YOUR GOAL: Could you transcribe exactly the lines from the one containing "this 1600×900 image." through the last line of the records below, leaving out the pictures?
[[ PROVIDED ENTRIES, beginning ]]
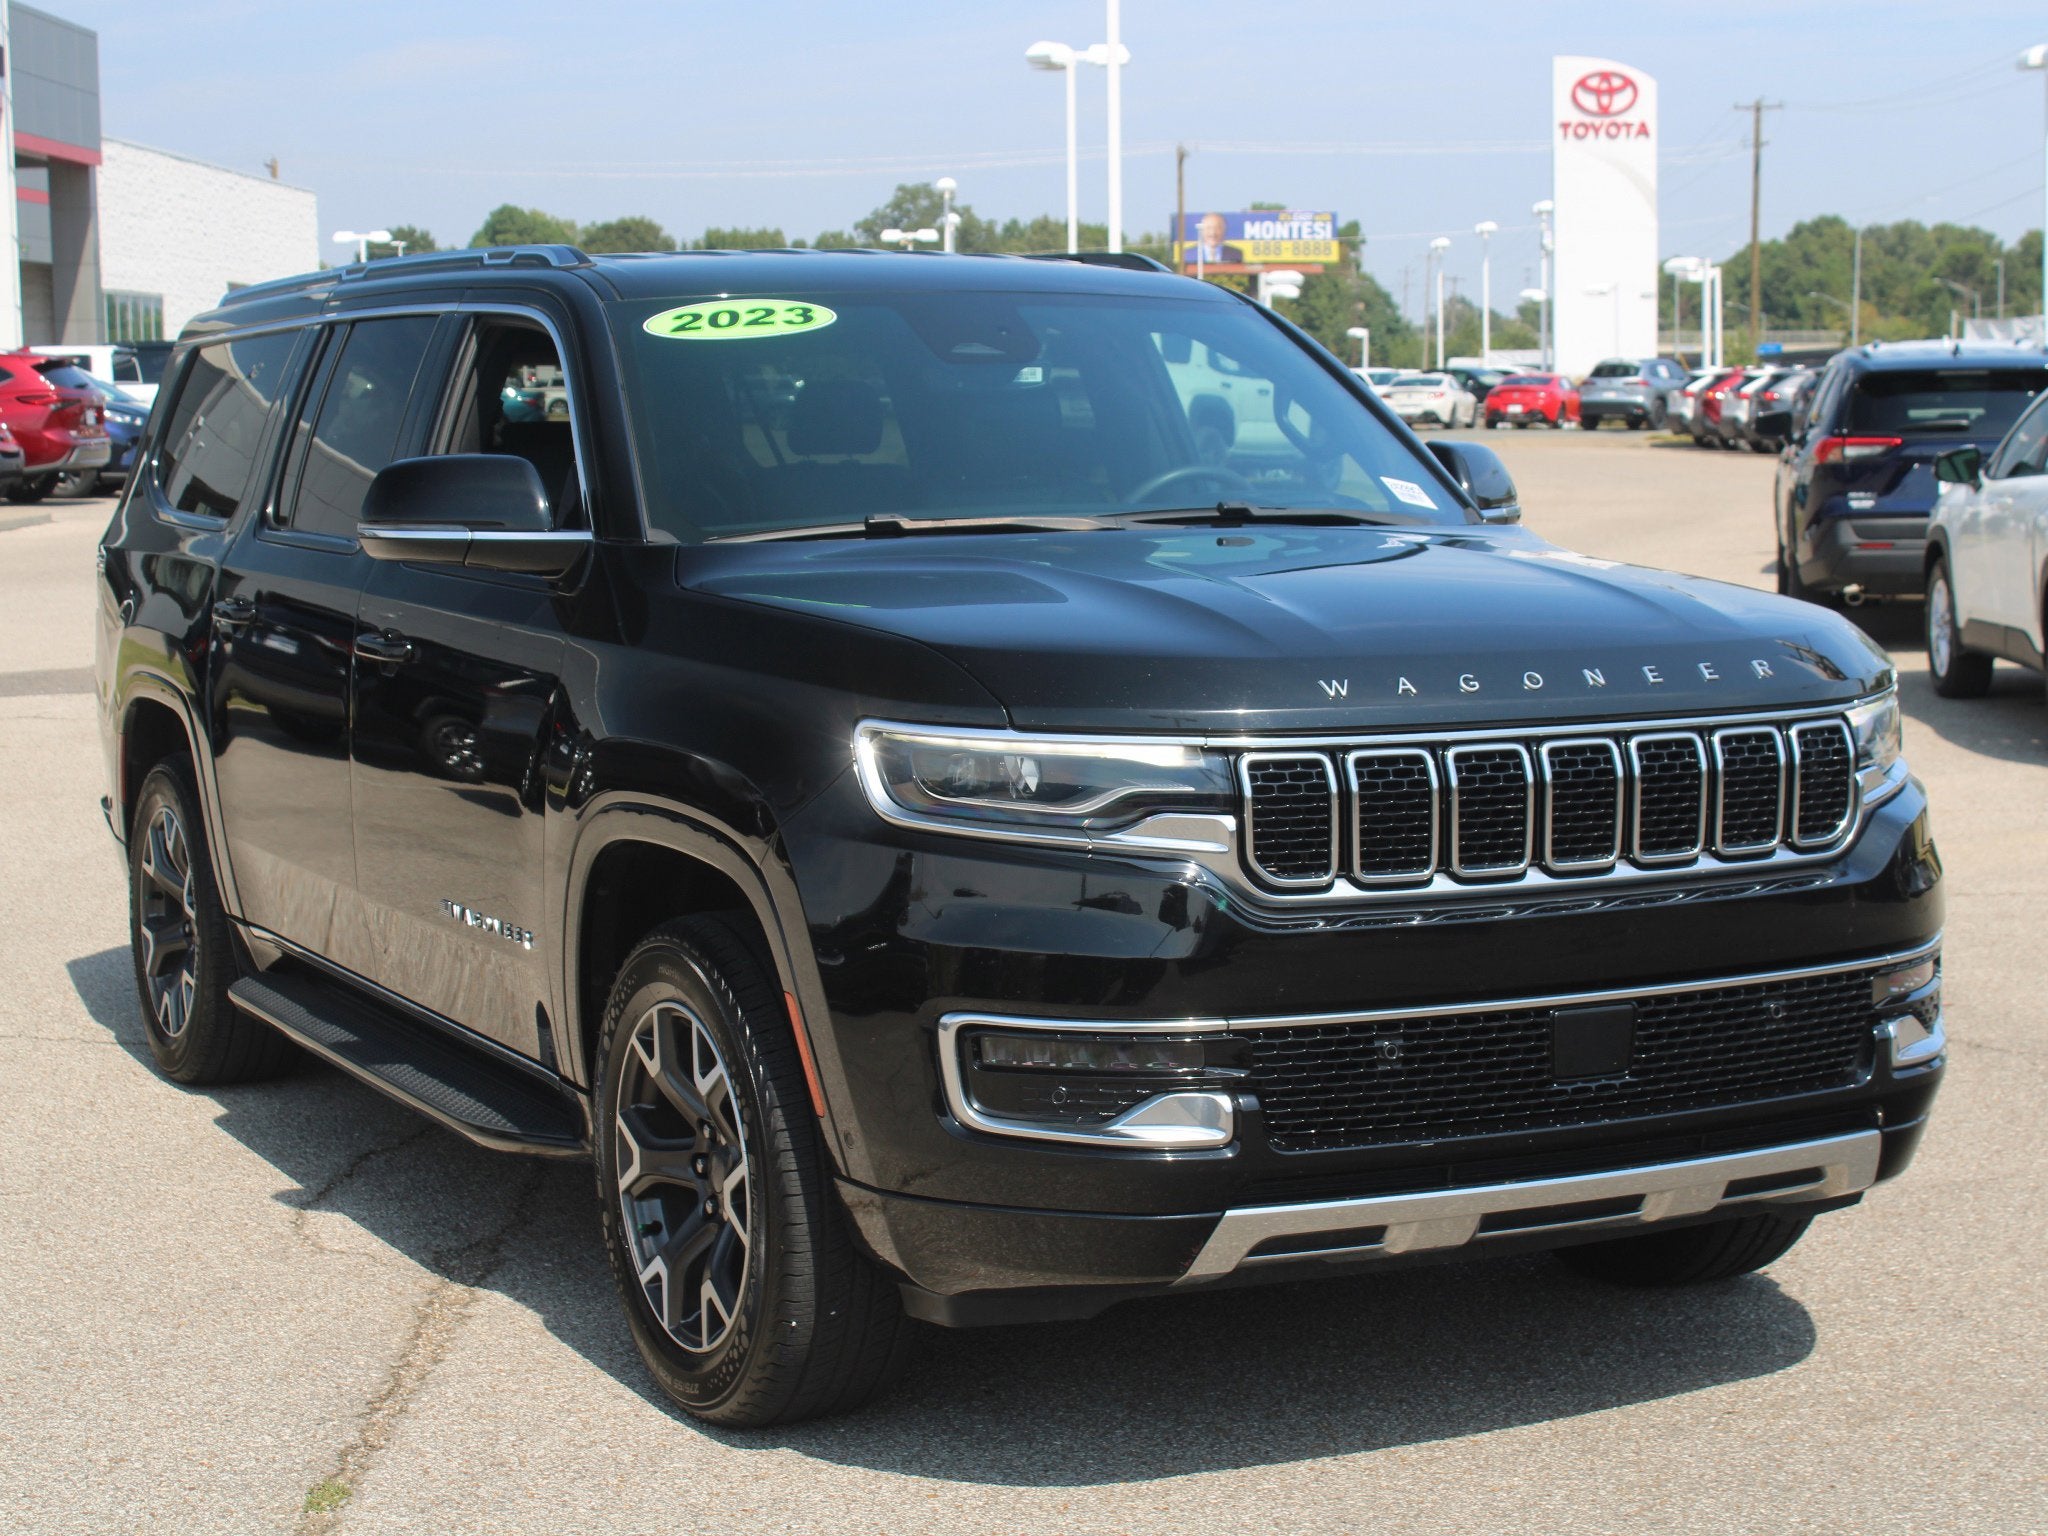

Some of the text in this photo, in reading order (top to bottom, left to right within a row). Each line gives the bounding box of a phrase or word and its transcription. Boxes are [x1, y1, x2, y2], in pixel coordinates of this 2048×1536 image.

[1559, 121, 1650, 140] TOYOTA
[1243, 220, 1333, 240] MONTESI
[670, 306, 815, 333] 2023
[1318, 658, 1775, 700] WAGONEER
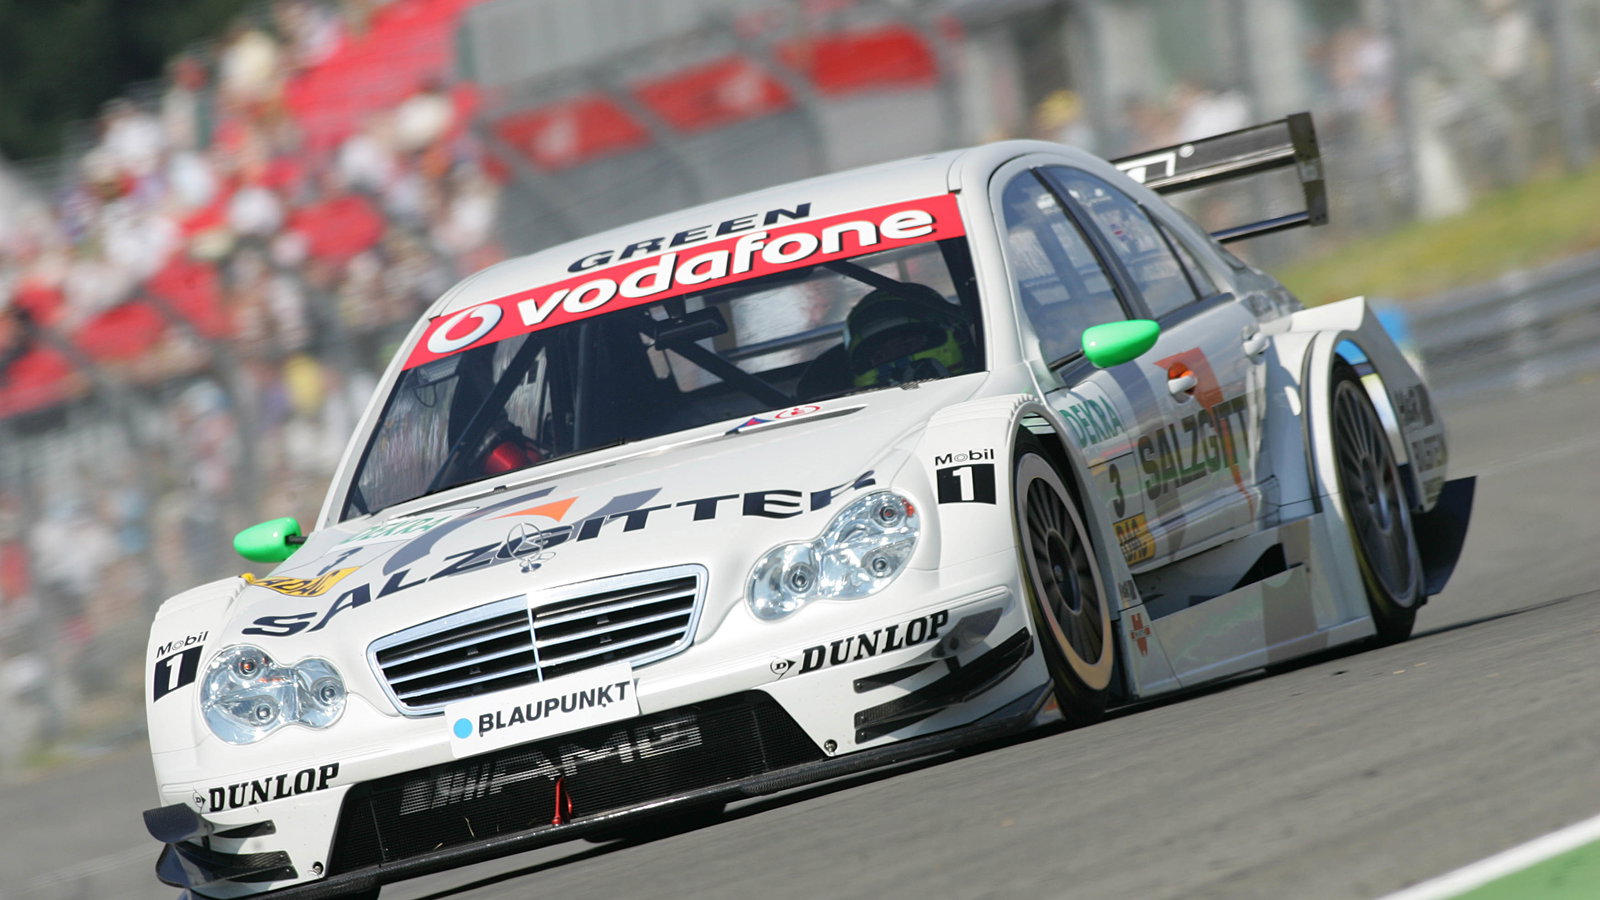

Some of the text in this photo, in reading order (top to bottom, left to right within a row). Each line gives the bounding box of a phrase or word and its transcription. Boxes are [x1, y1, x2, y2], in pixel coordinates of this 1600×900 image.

[568, 202, 812, 273] GREEN
[517, 209, 936, 327] vodafone
[1058, 395, 1124, 449] DEKRA
[934, 448, 994, 466] Mobil
[1108, 463, 1126, 519] 3
[241, 470, 877, 638] SALZGITTER
[340, 514, 452, 545] DEKRA
[257, 569, 340, 595] ADAC
[156, 631, 209, 658] Mobil
[799, 609, 949, 675] DUNLOP
[478, 681, 632, 735] BLAUPUNKT
[488, 713, 703, 795] AMG
[208, 762, 340, 812] DUNLOP
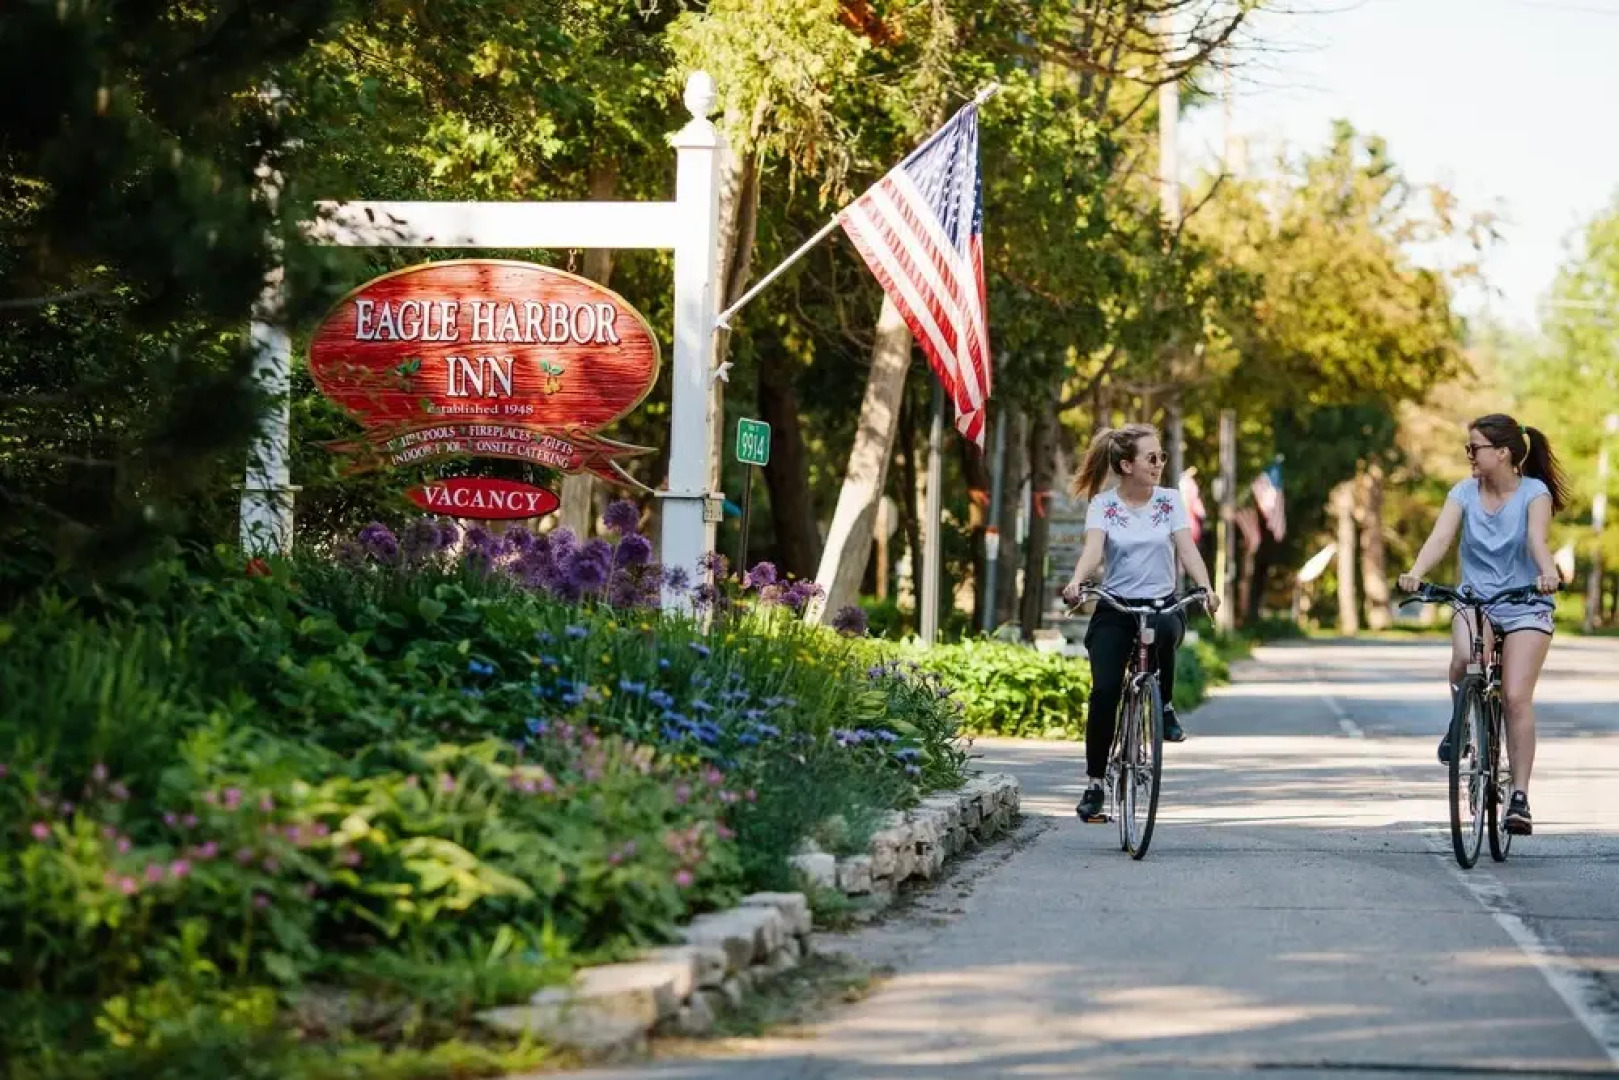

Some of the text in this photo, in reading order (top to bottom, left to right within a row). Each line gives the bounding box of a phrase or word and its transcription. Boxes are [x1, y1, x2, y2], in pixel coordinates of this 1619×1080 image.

[355, 299, 621, 345] EAGLE HARBOR
[445, 355, 514, 398] INN
[504, 404, 534, 415] 1948
[386, 425, 574, 455] WIRLPOOLS FIREPLACES GIFTS
[477, 441, 514, 454] ONSITE
[517, 445, 570, 469] CATERING
[742, 431, 765, 461] 9914
[424, 485, 541, 511] VACANCY
[[ PROVIDED ENTRIES, end ]]
ANSWER SECTION:
Some of the text in this photo, in reading order (top to bottom, left to right within a row). Each line gives the bounding box of a phrase or word and its transcription. Boxes are [x1, y1, x2, y2], in pixel coordinates of this 1600×900 image.

[568, 202, 812, 273] GREEN
[517, 209, 936, 327] vodafone
[1058, 395, 1124, 449] DEKRA
[934, 448, 994, 466] Mobil
[1108, 463, 1126, 519] 3
[241, 470, 877, 638] SALZGITTER
[340, 514, 452, 545] DEKRA
[257, 569, 340, 595] ADAC
[156, 631, 209, 658] Mobil
[799, 609, 949, 675] DUNLOP
[478, 681, 632, 735] BLAUPUNKT
[488, 713, 703, 795] AMG
[208, 762, 340, 812] DUNLOP

Some of the text in this photo, in reading order (top to bottom, left to right within a row). Each line gives the bounding box of a phrase or word and its transcription. Boxes are [x1, y1, x2, y2], in pixel coordinates of this 1619×1080 image.

[355, 299, 621, 345] EAGLE HARBOR
[445, 355, 514, 398] INN
[504, 404, 534, 415] 1948
[386, 425, 574, 455] WIRLPOOLS FIREPLACES GIFTS
[477, 441, 514, 454] ONSITE
[517, 445, 570, 469] CATERING
[742, 431, 765, 461] 9914
[424, 485, 541, 511] VACANCY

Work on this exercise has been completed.